═════ MATERIAL SUPPLIED ═════

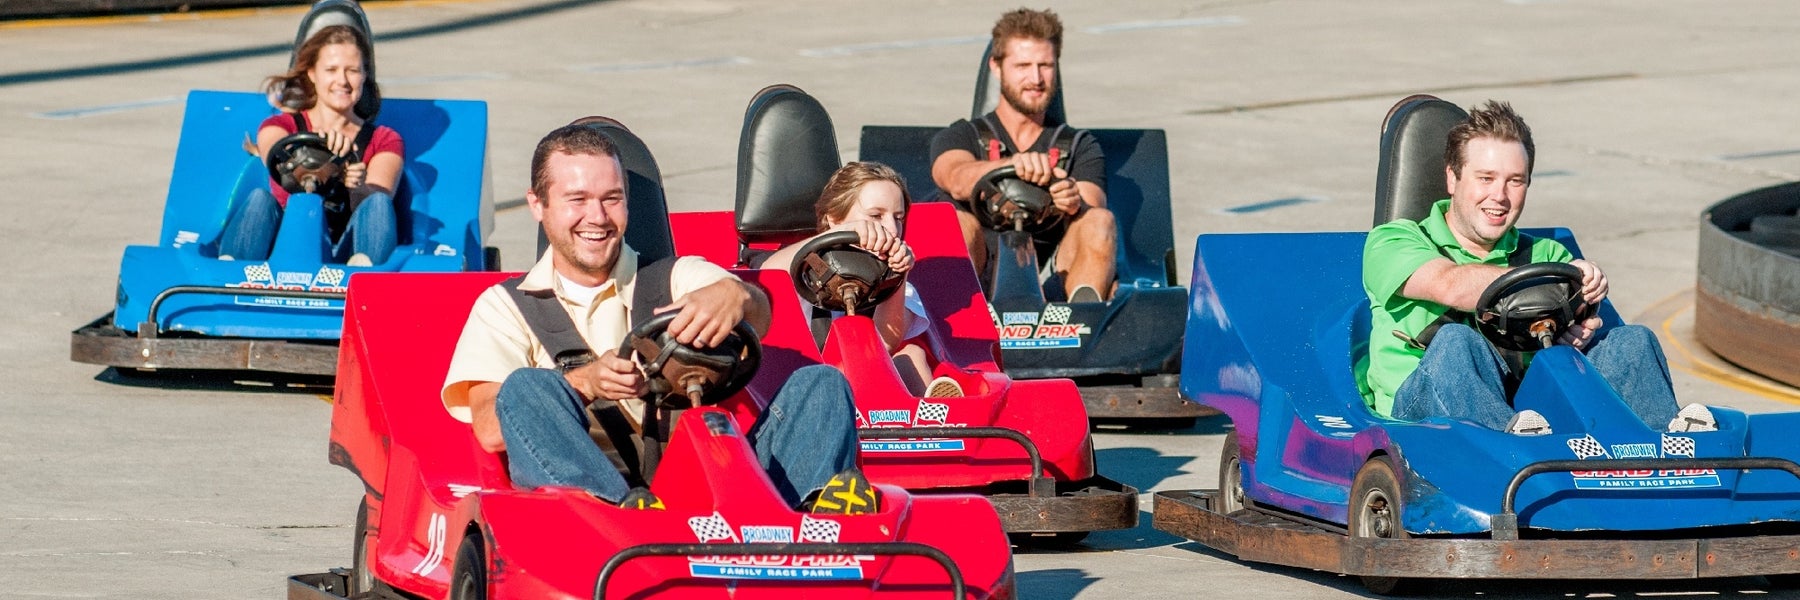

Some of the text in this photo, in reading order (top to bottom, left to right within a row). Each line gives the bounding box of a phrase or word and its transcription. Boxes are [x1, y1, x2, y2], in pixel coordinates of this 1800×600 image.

[1035, 325, 1081, 338] PRIX
[869, 410, 910, 424] BROADWAY
[1613, 444, 1656, 458] BROADWAY
[743, 527, 792, 543] BROADWAY
[719, 567, 833, 577] FAMILY RACE PARK
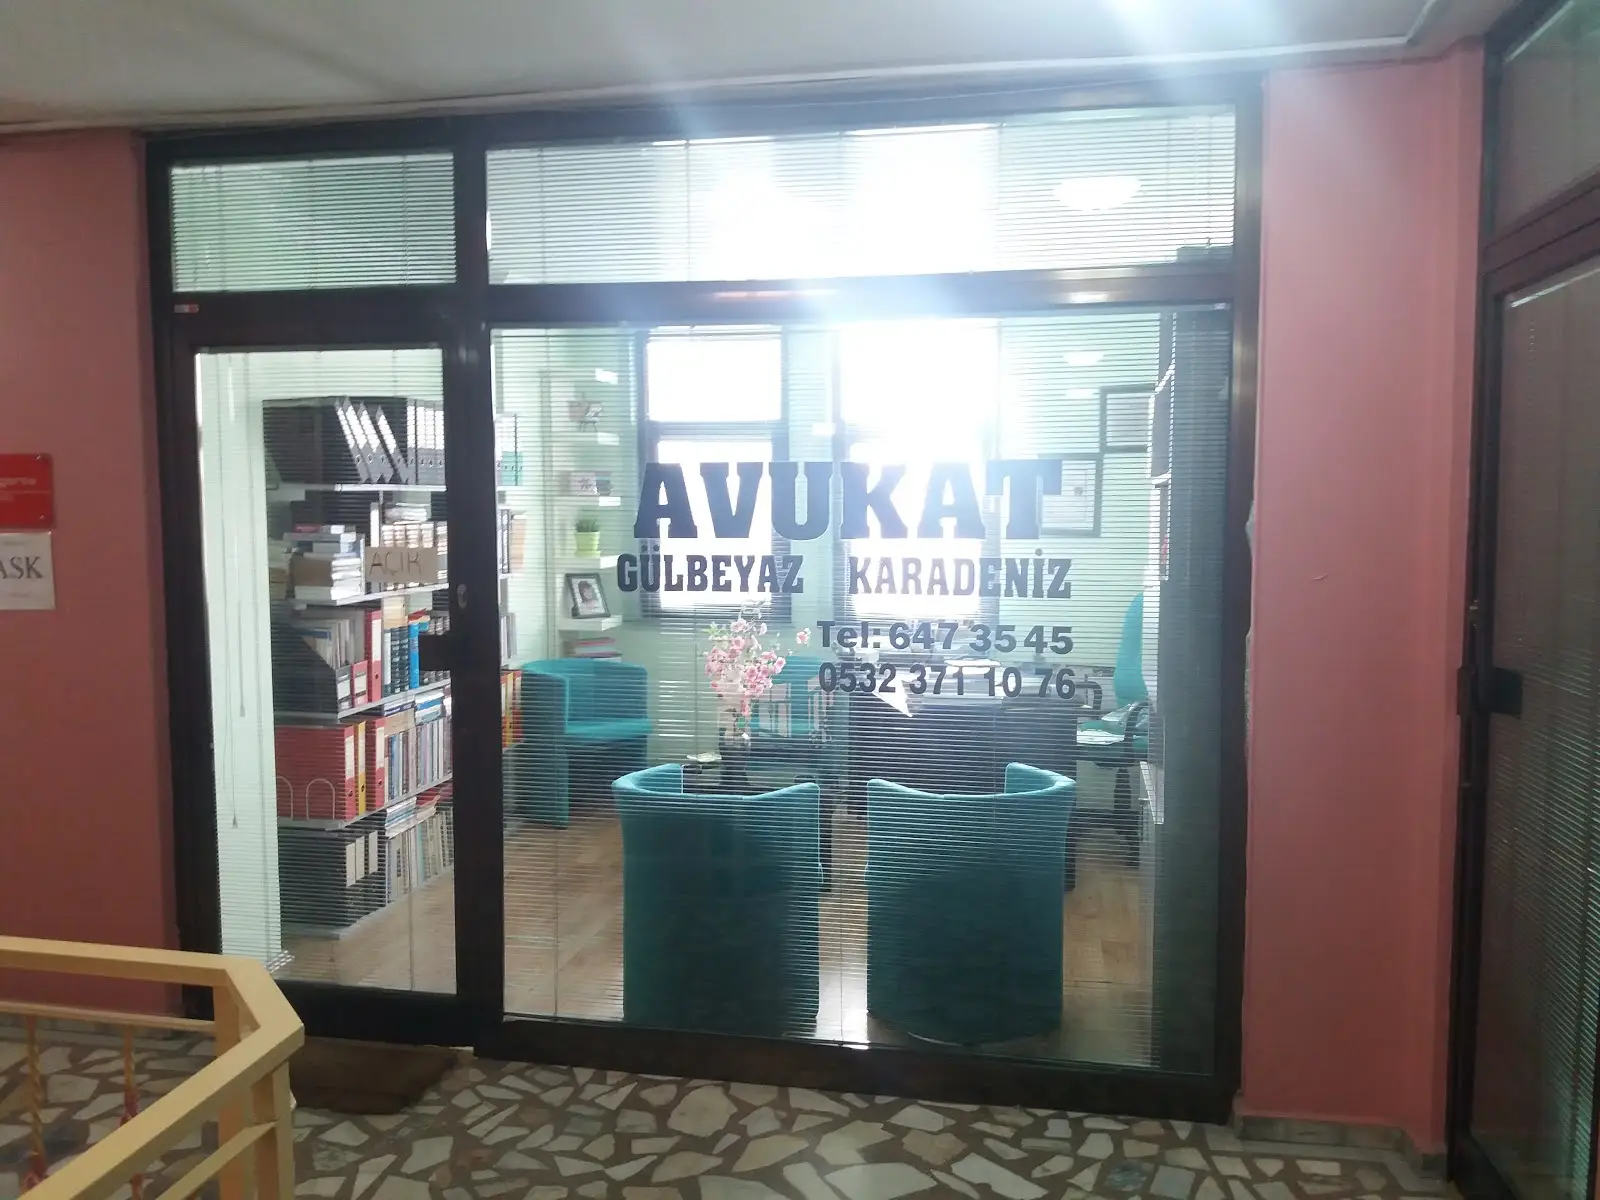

═════

▸ TRY IT: The result should be a word-for-word restatement of all the data, without images.

▸ WRITTEN RESPONSE:
Some of the text in this photo, in reading order (top to bottom, left to right within a row). Each line gives the bounding box of a phrase or word and its transcription. Boxes are [x1, y1, x2, y2], in pixel coordinates of this 1800×600 image.

[1035, 325, 1081, 338] PRIX
[869, 410, 910, 424] BROADWAY
[1613, 444, 1656, 458] BROADWAY
[743, 527, 792, 543] BROADWAY
[719, 567, 833, 577] FAMILY RACE PARK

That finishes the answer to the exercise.